Именно этот первый манифест, опубликованный в «Нувель Ревю Франсез» в ноябре 1926 года, описывает налет полиции на бордель как идеальное театральное со­бытие (или хеппенинг) и настаивает на том, чтобы каж­дый зритель, покидающий зрительный зал, «был потрясен

[287]

встревожен внутренним динамизмом спектакля, имею­щим прямое отношение к тревогам и заботам всей его жизни. Иллюзия будет направлена не на правдоподобие или неправдоподобие действия, а на коммуникативную силу и реальность такого действия. (...) Мы обращаемся не только к уму или чувствам зрителей, а к самому их су­ществованию. Их и нашему» (II, 21).

Идея театра жестокости уже присутствует в этих вы­зывающих словах. И примерно в то же время Арто, пред­ставляющий интересы своих коллег по Театру «Альфред Жарри», не оставляет сомнений по поводу объекта их и своих стремлений: «Мы хотим не больше не меньше как взойти к самым человеческим или нечеловеческим источ­никам театра, с тем чтобы воскресить его в его целостно­сти. То, что есть смутного и магнетически завораживаю­щего в наших мечтах, темные пласты сознания, более всего привлекающие нас в духовной жизни,— мы хотим, чтобы все это в блеске восторжествовало на сцене даже ценой гибели нас самих, даже если нас осмеют после страшного провала. (...) Мы представляем себе театр как настоящую магическую операцию. Мы рассчитываем не на зрительское восприятие, не на простое волнение души; мы хотим вызвать прежде всего определенную пси­хологическую эмоцию, которая могла бы обнаружить самые тайные побуждения сердца» (II, 30—31).
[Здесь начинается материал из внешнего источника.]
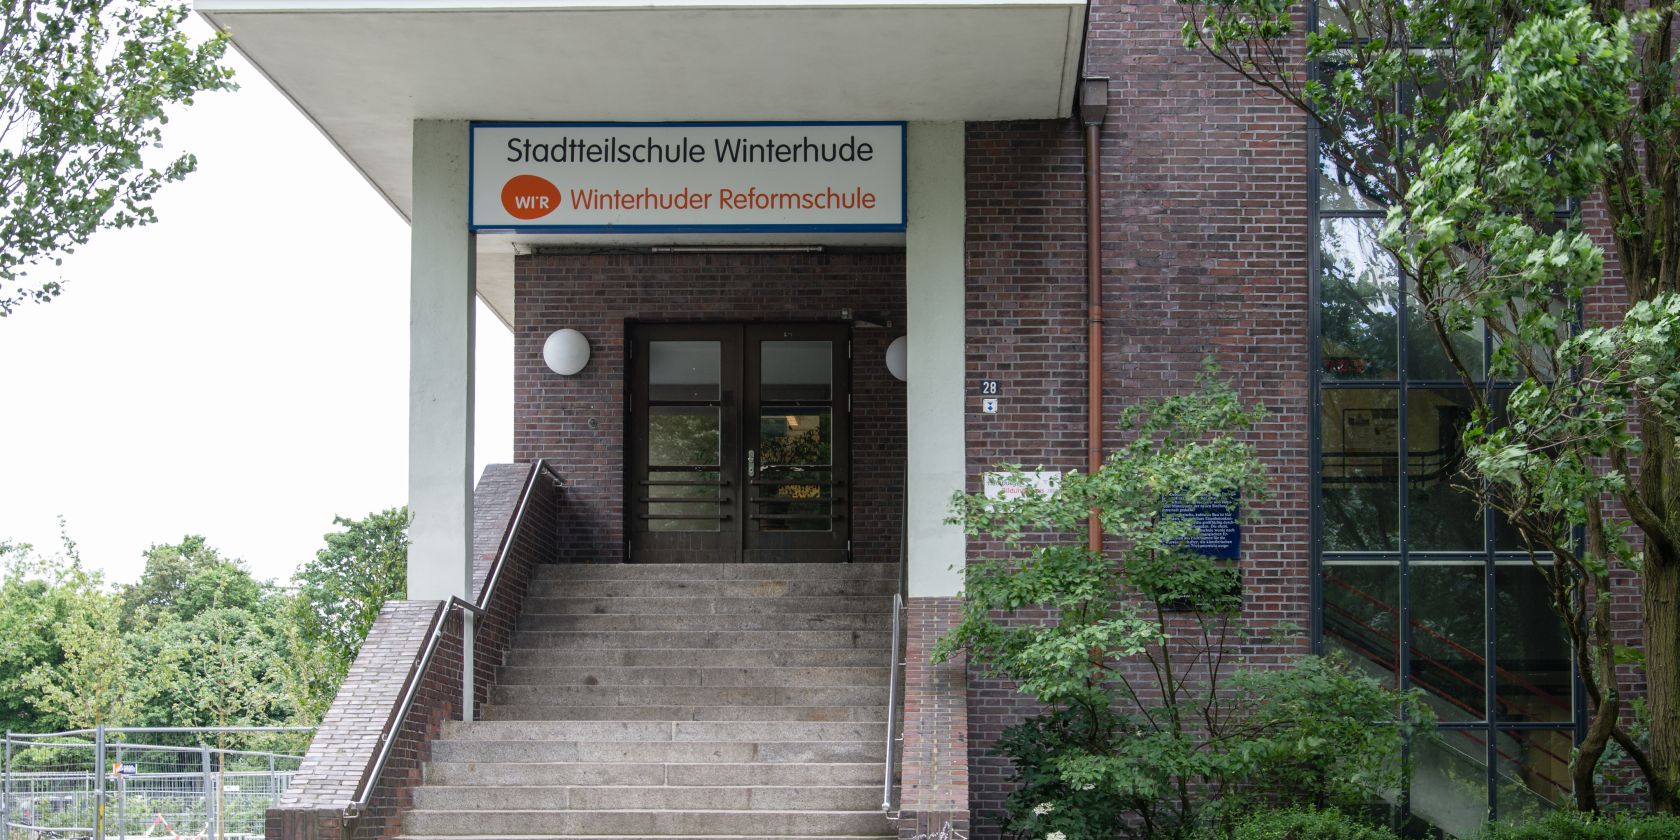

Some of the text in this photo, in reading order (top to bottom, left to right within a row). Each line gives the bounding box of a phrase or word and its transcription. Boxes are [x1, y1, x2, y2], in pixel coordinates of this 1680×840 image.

[507, 135, 874, 163] Stadtteilschule Winterhude
[570, 186, 876, 210] Winterhuder Reformschule
[982, 381, 997, 394] 28
Здесь мы видим главные идеи «Театра и его Двойника» если еще не вполне сформированными и разработанными, то по край­ней мере уже четко узнаваемыми: театр как реальность; требование воздействия на зрителей вплоть до возмож­ности подвергнуть их страданиям, то есть жестокости; требование того, чтобы театр был способен передать глу­бокие, подсознательные и, следовательно, невербализо­ванные еще чувства непосредственно зрителю с помо­щью именно магии. Но до поразившей Арто встречи с балийскими танцорами в 1931 году его отношение к театру еще не выкристаллизовалось и не приобрело той взрыв­ной силы, которую можно ощутить и сегодня. Что же дало «Театру и его Двойнику» такую силу?

[288]

Анри Гуйе из Инститю де Франс в своей книге «Антонен Арто и сущность театра»23 подвергает сомнению час­то встречающееся у Арто требование того, чтобы театр вернулся к своим истокам в религиозном ритуале. Он указывает на то, что многие великие произведения искус­ства религиозны, многие плохие произведения, вроде приторных статуй в католических храмах, также способ­ны вызвать истинно религиозные чувства; в то же время существует множество великих произведений искусства, которые совершенно нерелигиозны.